(BRIEF) Quote the data below in full, minus the images.

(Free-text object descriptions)

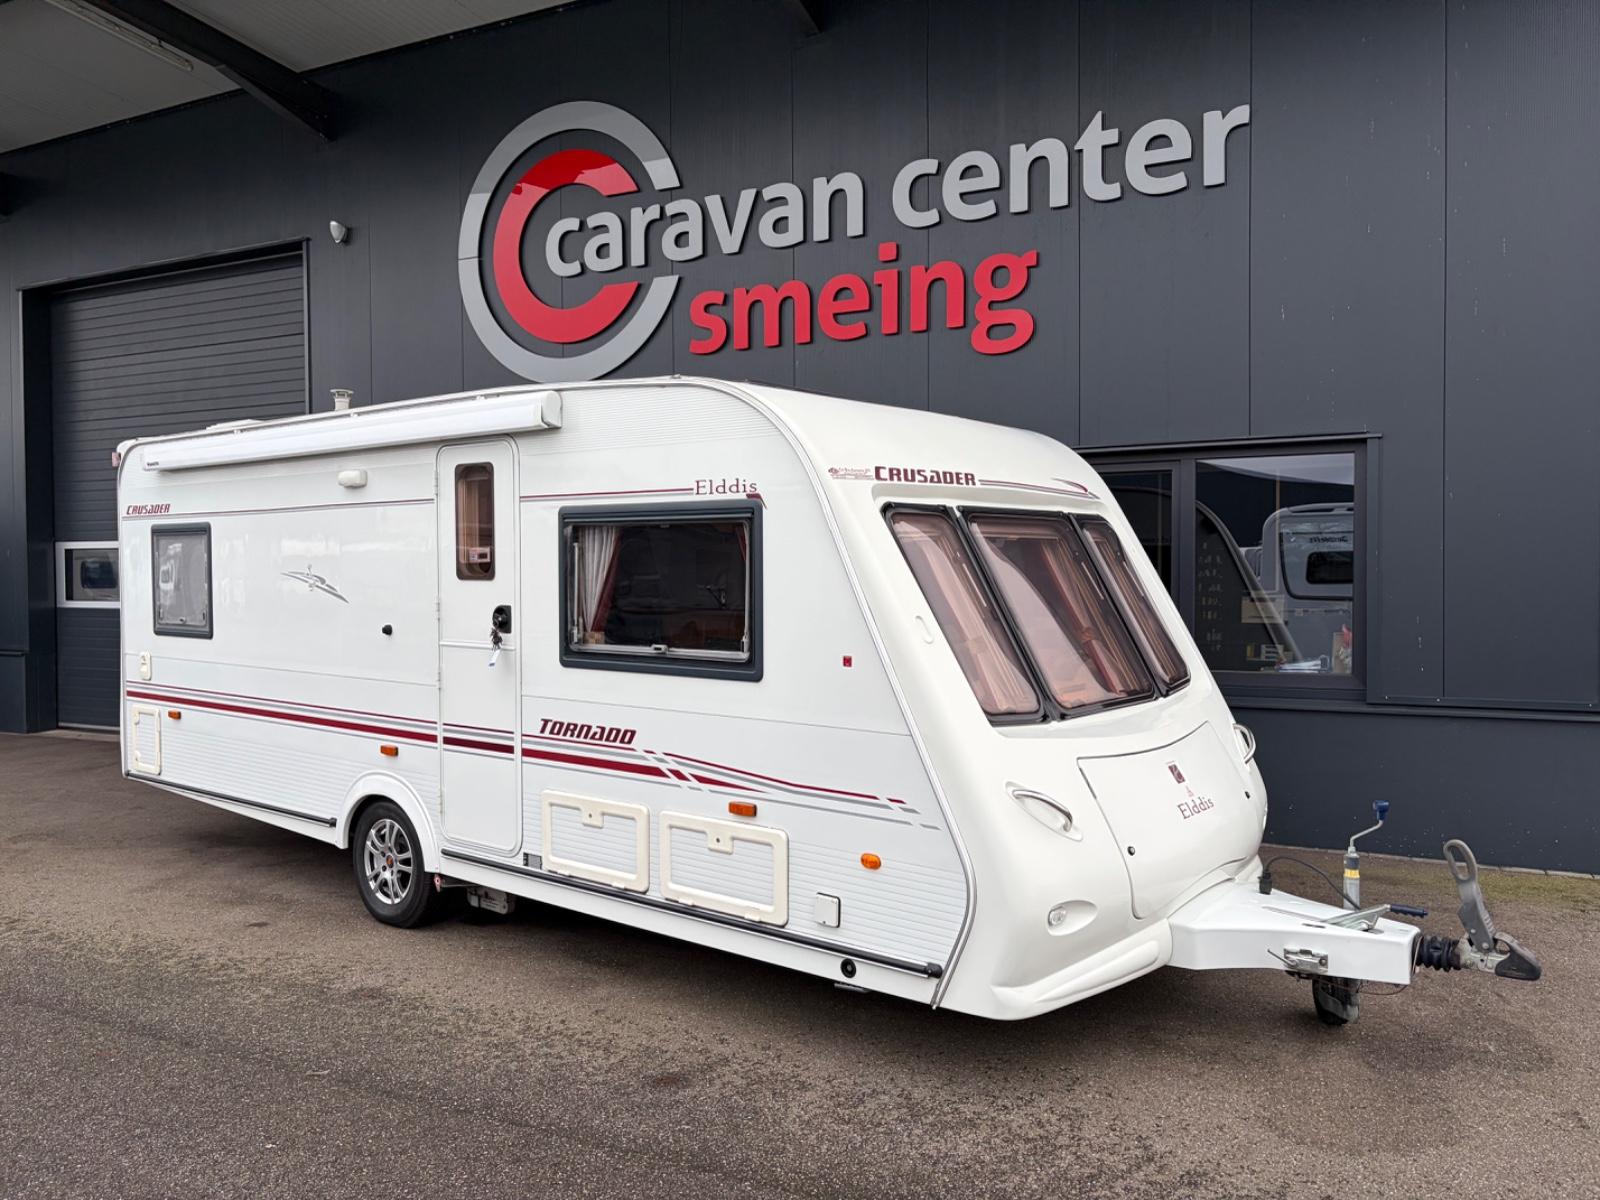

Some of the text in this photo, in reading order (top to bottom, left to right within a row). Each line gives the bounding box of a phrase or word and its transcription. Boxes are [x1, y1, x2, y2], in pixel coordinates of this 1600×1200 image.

[546, 105, 1250, 277] caravan center
[690, 242, 1038, 355] smeing
[695, 478, 757, 495] Elddis
[875, 466, 976, 485] CRUSADER
[126, 503, 171, 515] CRUSADER
[540, 718, 637, 745] TORNADO
[1177, 797, 1214, 819] Elddis

(SOLUTION FOR THIS TASK)
Some of the text in this photo, in reading order (top to bottom, left to right within a row). Each line gives the bounding box of a phrase or word and its transcription. Boxes are [x1, y1, x2, y2], in pixel coordinates of this 1600×1200 image.

[546, 105, 1250, 277] caravan center
[690, 242, 1038, 355] smeing
[695, 478, 757, 495] Elddis
[875, 466, 976, 485] CRUSADER
[126, 503, 171, 515] CRUSADER
[540, 718, 637, 745] TORNADO
[1177, 797, 1214, 819] Elddis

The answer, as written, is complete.